**Action item**
Go through the data below and repeat it exactly, skipping each picture.

(Stored data entries)

────────────────────

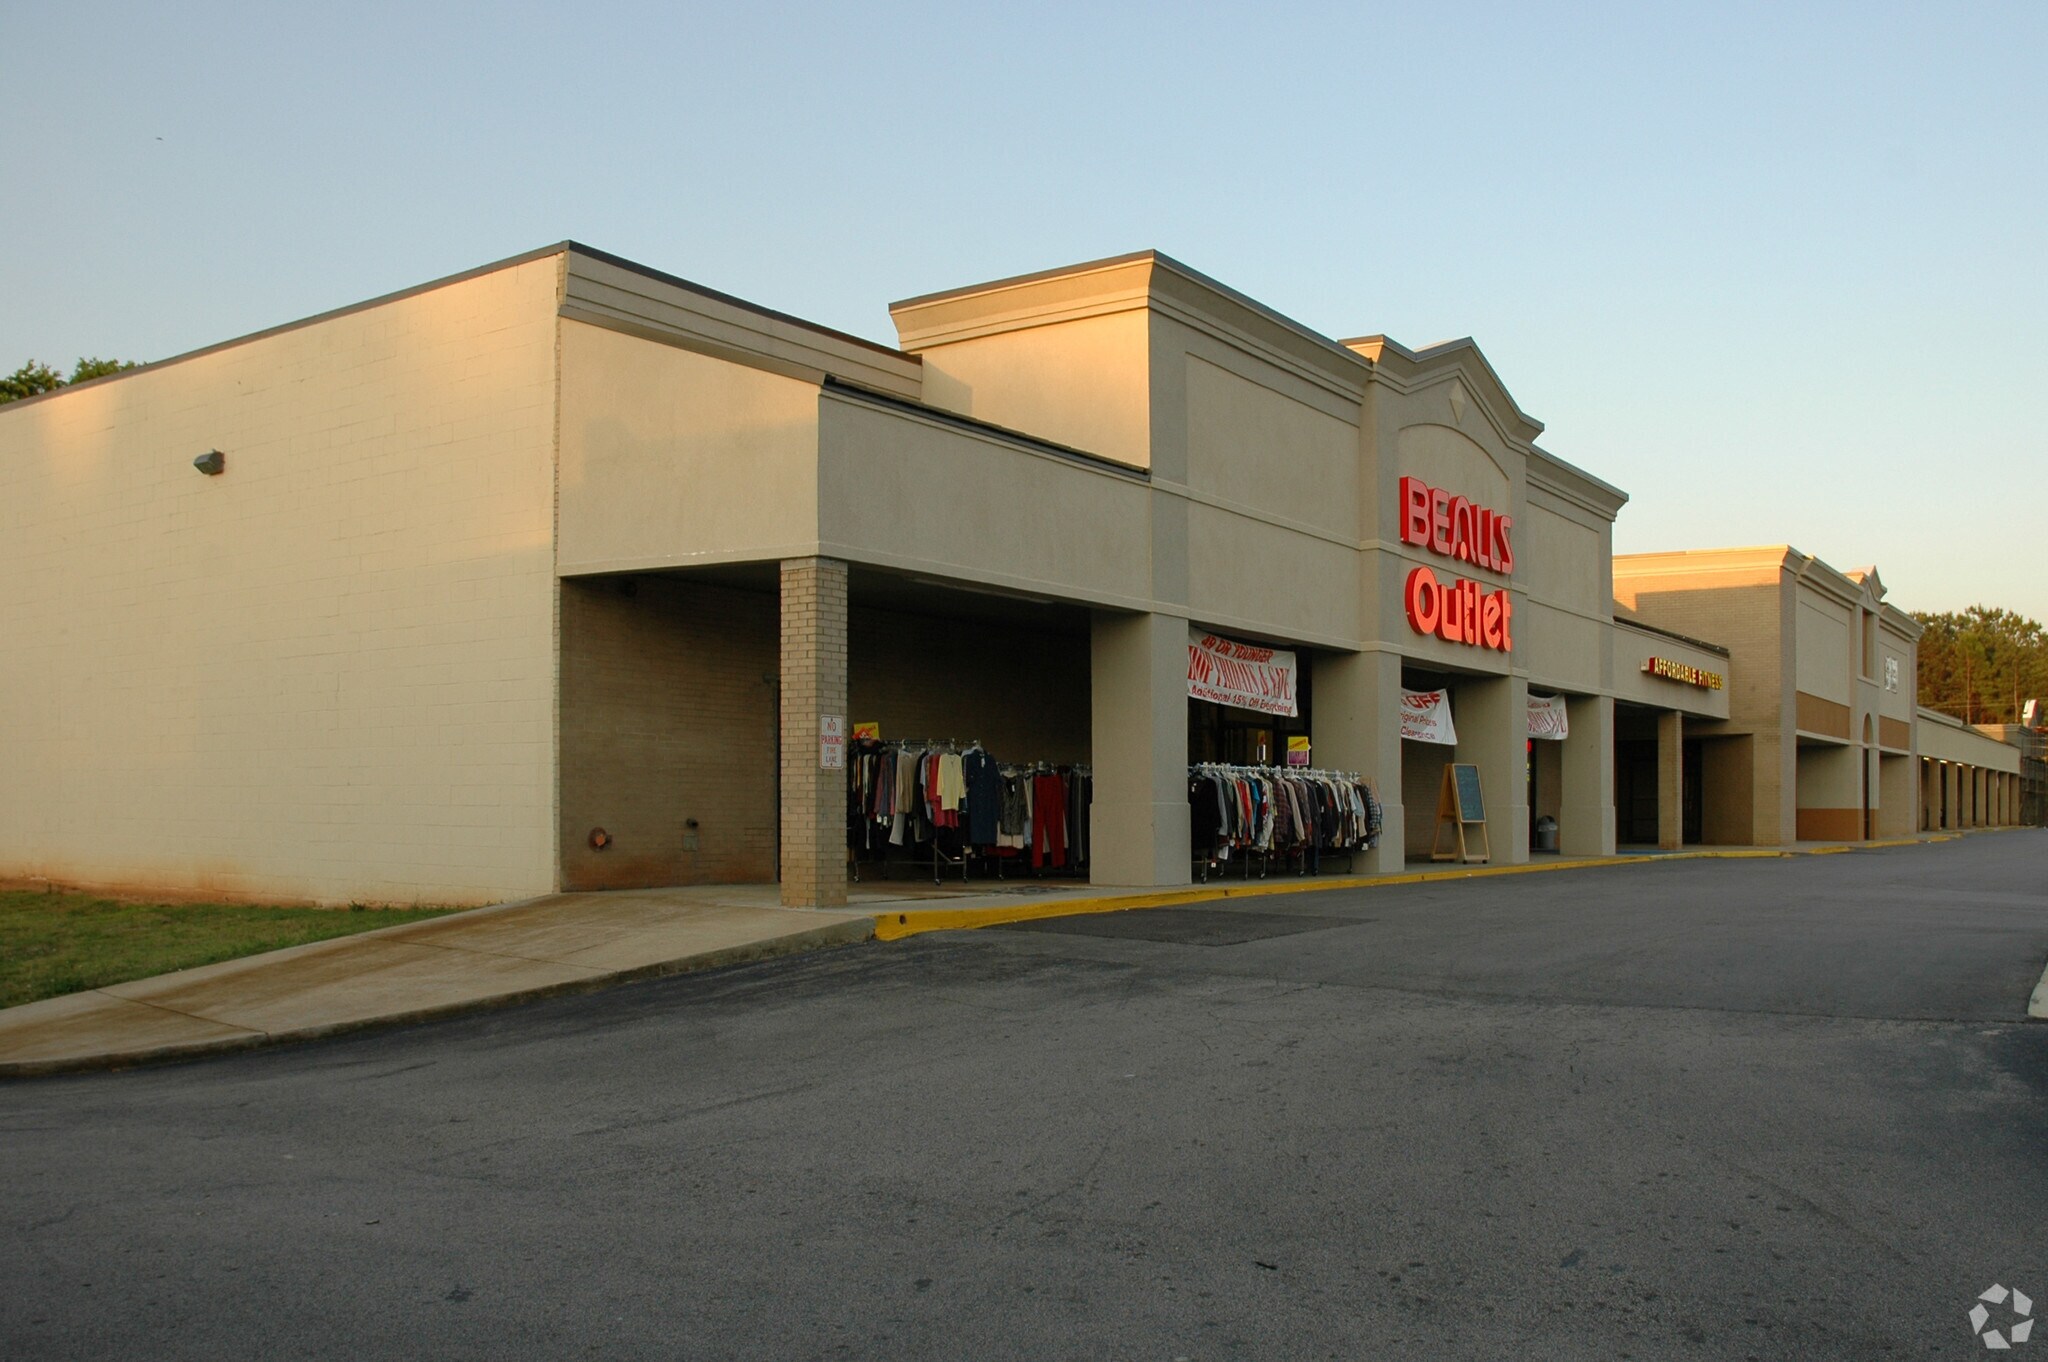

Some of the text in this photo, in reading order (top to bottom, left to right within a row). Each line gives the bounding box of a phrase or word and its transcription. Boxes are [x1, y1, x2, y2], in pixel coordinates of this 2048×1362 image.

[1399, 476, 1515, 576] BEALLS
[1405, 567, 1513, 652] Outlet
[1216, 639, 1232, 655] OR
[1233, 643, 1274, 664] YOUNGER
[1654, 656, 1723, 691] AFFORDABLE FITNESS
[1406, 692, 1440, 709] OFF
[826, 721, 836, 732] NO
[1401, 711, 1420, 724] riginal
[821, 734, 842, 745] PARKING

────────────────────

**Solution to this task**
Some of the text in this photo, in reading order (top to bottom, left to right within a row). Each line gives the bounding box of a phrase or word and its transcription. Boxes are [x1, y1, x2, y2], in pixel coordinates of this 2048×1362 image.

[1399, 476, 1515, 576] BEALLS
[1405, 567, 1513, 652] Outlet
[1216, 639, 1232, 655] OR
[1233, 643, 1274, 664] YOUNGER
[1654, 656, 1723, 691] AFFORDABLE FITNESS
[1406, 692, 1440, 709] OFF
[826, 721, 836, 732] NO
[1401, 711, 1420, 724] riginal
[821, 734, 842, 745] PARKING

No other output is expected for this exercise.